- Theatrical release poster
- Directed by: Selvaraghavan
- Written by: Selvaraghavan
- Produced by: S. R. Prabhu
- Starring: Suriya; Sai Pallavi; Rakul Preet Singh;
- Cinematography: Sivakumar Vijayan
- Edited by: Praveen K. L.
- Music by: Yuvan Shankar Raja
- Production company: Dream Warrior Pictures
- Distributed by: Reliance Entertainment
- Release date: 31 May 2019;
- Running time: 150 minutes
- Country: India
- Language: Tamil

= NGK (film) =

2019 political action thriller film by Selvaraghavan

NGK (an abbreviation for Nandha Gopalan Kumaran) is a 2019 Indian Tamil-language political action film written and directed by Selvaraghavan. Suriya stars in the title role, with Sai Pallavi and Rakul Preet Singh as the lead actresses while Devaraj, Ponvannan, Nizhalgal Ravi, and Rajkumar play supporting roles. Yuvan Shankar Raja composed the music and Sivakumar Vijayan was the cinematographer. The film was produced by S. R. Prakashbabu and S. R. Prabhu of Dream Warrior Pictures.

Principal photography commenced in January 2018, concluding the following year in January. The film was released on 31 May 2019 to a mixed reception from both critics and audience.

== Plot ==
Nandha Gopalan Kumaran is a social worker and do-gooder, specialised in organic farming. He has huge support from the youngsters in his hometown, Srivilliputhur, who were inspired by him quitting his high-profile job to serve his country. He lives with his mother Viji, father Ramanan, a former military officer, and his possessive wife, Geetha Kumari, who is a major strength for him.

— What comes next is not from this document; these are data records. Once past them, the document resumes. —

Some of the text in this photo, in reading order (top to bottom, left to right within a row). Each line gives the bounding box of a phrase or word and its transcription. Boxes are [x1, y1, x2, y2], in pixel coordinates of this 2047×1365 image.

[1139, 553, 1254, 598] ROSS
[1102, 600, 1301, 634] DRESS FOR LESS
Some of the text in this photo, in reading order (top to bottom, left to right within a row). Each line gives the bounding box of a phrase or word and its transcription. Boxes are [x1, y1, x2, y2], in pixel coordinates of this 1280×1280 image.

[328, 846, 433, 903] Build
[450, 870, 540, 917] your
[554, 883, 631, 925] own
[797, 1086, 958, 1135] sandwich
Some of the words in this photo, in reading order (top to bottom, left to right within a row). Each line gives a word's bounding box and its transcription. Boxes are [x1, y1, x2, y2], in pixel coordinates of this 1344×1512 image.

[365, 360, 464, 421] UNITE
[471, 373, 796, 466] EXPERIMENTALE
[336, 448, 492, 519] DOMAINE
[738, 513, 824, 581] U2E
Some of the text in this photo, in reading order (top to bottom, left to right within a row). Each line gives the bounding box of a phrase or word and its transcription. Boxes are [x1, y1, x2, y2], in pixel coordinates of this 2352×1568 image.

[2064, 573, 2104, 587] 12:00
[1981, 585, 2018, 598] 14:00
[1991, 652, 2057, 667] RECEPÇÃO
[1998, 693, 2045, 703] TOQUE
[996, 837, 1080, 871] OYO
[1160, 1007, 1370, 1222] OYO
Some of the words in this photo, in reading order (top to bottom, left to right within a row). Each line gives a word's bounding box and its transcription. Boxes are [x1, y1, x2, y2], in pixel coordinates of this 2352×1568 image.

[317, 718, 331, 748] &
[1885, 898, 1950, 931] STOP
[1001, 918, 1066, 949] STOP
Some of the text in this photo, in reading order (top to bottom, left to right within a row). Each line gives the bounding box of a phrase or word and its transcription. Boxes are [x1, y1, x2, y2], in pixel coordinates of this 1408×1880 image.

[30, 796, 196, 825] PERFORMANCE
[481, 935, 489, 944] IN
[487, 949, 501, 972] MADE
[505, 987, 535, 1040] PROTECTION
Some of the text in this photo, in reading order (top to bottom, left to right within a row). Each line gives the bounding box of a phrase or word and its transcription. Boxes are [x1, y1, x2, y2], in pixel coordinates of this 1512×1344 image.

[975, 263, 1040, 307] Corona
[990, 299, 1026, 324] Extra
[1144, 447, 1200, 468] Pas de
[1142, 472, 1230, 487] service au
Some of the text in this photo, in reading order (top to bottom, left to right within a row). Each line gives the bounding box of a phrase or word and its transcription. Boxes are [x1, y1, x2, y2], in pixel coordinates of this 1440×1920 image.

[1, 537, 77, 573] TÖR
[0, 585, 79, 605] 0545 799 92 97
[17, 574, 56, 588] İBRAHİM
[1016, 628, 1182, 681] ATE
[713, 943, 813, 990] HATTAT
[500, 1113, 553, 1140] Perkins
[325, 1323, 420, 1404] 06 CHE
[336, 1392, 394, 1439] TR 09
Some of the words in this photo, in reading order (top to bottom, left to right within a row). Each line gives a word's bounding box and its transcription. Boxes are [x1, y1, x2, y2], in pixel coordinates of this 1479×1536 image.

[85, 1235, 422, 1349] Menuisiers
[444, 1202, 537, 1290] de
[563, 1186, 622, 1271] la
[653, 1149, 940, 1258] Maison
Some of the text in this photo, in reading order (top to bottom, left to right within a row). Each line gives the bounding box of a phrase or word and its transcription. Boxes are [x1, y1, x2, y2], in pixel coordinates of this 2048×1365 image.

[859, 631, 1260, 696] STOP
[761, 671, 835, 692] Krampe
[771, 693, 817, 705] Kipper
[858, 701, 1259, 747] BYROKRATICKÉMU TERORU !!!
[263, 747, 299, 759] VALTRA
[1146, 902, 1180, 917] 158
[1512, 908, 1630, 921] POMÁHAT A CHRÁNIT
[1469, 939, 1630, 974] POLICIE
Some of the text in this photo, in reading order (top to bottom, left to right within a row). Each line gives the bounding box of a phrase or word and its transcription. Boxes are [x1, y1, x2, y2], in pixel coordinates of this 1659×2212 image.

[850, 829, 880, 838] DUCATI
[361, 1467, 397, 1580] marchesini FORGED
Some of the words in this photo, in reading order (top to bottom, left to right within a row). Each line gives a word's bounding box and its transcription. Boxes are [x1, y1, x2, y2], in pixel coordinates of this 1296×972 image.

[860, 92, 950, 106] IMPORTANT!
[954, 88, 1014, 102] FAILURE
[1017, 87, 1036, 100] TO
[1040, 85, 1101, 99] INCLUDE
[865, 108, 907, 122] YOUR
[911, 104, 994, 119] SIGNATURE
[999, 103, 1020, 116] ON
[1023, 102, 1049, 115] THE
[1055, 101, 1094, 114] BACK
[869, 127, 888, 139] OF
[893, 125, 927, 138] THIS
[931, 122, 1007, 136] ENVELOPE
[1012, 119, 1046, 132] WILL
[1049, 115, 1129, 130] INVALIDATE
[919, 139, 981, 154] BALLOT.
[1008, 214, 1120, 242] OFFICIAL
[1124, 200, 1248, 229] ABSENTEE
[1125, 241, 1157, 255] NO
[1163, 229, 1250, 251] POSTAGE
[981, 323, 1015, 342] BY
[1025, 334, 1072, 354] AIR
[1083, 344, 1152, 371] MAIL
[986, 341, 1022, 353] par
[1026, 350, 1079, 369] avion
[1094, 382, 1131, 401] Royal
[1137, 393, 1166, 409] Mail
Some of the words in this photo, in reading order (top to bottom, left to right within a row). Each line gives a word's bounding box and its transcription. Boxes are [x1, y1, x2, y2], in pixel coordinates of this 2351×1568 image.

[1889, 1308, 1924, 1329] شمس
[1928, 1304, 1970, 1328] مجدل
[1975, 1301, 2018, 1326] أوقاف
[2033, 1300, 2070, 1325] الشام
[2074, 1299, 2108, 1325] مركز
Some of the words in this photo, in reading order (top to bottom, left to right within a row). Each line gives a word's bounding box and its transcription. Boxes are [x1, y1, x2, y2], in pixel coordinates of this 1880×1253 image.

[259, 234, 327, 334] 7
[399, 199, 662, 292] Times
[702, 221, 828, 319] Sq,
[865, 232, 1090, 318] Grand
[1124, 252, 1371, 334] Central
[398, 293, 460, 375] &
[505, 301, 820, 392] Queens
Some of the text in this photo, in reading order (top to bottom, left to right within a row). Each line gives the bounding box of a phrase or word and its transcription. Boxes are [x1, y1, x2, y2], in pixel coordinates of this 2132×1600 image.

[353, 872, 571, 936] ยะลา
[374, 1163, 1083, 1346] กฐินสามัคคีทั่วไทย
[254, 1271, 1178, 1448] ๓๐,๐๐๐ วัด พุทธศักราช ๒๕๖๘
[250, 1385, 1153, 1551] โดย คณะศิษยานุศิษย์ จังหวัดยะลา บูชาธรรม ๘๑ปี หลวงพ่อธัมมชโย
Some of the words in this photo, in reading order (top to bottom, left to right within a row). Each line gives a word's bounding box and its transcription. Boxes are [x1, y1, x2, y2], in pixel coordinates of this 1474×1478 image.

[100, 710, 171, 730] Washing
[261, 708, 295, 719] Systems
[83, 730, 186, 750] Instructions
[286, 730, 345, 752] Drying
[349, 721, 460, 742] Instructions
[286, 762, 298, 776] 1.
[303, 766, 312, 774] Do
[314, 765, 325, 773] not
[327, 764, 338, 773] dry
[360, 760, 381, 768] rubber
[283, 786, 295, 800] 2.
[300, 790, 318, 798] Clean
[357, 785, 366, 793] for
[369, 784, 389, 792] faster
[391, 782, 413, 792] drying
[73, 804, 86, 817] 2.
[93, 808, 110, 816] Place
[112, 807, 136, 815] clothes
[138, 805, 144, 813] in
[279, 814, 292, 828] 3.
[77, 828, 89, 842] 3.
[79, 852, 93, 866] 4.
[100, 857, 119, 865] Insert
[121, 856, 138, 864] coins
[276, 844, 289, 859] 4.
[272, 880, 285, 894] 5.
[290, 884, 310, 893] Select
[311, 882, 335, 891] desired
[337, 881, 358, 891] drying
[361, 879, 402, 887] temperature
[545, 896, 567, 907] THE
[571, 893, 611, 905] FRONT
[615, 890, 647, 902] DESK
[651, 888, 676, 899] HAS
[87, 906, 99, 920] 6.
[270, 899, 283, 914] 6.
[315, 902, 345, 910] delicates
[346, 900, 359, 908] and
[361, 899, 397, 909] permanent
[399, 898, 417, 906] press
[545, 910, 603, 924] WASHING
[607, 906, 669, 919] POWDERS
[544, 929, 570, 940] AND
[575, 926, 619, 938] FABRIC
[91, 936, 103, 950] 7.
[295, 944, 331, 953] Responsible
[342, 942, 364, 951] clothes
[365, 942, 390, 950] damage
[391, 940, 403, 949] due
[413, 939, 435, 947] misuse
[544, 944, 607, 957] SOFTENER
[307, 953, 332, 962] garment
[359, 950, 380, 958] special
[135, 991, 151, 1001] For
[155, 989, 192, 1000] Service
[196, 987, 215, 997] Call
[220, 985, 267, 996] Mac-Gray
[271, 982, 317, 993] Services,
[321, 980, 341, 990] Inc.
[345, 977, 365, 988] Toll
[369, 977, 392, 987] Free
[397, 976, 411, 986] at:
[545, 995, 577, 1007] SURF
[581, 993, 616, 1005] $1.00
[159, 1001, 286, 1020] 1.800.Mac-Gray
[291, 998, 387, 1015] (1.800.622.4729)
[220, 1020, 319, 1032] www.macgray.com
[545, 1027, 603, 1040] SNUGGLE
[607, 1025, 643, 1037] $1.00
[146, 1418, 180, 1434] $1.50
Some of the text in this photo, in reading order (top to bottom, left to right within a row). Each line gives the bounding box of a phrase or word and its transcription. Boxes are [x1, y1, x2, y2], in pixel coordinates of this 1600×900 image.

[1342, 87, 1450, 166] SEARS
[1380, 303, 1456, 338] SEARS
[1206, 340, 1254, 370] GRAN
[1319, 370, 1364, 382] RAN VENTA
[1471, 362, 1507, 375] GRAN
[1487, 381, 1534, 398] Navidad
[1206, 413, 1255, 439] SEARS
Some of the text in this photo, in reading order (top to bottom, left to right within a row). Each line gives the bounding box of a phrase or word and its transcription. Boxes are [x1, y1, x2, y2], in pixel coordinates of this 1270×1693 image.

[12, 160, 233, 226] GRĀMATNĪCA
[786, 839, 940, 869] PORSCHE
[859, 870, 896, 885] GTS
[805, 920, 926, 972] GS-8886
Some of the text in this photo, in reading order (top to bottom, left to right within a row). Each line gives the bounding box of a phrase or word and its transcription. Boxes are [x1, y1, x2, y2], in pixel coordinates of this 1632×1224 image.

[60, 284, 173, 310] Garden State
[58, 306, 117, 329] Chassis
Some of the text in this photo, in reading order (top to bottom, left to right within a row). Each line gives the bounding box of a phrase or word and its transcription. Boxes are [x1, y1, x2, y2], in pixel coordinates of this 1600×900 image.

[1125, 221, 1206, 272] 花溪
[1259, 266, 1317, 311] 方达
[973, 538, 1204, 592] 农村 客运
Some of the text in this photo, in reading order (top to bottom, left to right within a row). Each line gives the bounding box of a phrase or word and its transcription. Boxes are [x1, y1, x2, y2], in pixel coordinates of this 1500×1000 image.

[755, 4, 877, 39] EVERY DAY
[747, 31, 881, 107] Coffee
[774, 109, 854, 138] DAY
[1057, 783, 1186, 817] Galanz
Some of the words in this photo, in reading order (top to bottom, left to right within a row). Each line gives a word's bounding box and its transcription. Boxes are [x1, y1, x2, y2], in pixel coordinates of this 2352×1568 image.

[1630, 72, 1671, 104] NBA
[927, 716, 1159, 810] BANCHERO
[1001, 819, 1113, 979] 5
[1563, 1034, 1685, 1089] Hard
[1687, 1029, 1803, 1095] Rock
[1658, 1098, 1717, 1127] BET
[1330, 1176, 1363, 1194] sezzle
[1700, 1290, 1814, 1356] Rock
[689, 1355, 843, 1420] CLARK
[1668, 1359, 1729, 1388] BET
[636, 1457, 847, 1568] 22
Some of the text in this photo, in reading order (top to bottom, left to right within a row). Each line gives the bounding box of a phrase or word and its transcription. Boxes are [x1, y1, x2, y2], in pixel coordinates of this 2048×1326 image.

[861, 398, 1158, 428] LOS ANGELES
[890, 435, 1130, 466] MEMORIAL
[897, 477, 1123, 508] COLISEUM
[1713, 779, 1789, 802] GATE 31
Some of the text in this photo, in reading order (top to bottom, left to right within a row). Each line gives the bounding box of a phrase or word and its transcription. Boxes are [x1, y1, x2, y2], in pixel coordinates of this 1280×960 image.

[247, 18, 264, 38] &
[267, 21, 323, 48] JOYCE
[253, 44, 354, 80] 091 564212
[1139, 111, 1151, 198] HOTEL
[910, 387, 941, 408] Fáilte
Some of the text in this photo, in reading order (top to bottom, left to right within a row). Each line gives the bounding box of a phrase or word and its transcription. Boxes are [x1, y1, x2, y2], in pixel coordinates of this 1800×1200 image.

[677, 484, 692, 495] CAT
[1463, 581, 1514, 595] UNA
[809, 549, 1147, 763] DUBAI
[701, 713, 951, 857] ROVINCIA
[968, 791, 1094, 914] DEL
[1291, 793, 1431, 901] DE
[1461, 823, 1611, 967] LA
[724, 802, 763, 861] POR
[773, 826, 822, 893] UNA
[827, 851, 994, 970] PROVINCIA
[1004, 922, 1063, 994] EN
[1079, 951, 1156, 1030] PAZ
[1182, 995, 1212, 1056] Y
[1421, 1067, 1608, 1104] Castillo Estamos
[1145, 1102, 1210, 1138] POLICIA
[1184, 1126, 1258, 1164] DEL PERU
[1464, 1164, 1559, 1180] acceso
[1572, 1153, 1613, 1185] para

While trying to solve the problem of a few youngsters, Kumaran meets an old friend, Raja, who is now the right-hand man of the area MLA. He is shock to see that what he has tried for a long time and failed is done through a single phone call by the area councillor. Meanwhile, a few shopkeepers, middlemen, and others who are alarmed by Kumaran's organic farming give him an ultimatum and later attack the people and burn their farms using chemicals when he refuses to give up. To make things good, Aruna Giri, a native, asks Kumaran to meet the MLA, Pandiyan, who happens to be a ruthless narcissist. He agrees to help if Kumaran joins his political party, KMK, along with 500 others from his villages, to which he is forced to comply. Pandiyan ill-treats Kumaran and asks him to clean his toilet, buy biriyani, and even bring a sex worker. Though furious at first, he decides to use the situation to gain Pandiyan's trust and, in the process do good for his village. He discovers that Raja is suffering from terminal cancer and will not live long.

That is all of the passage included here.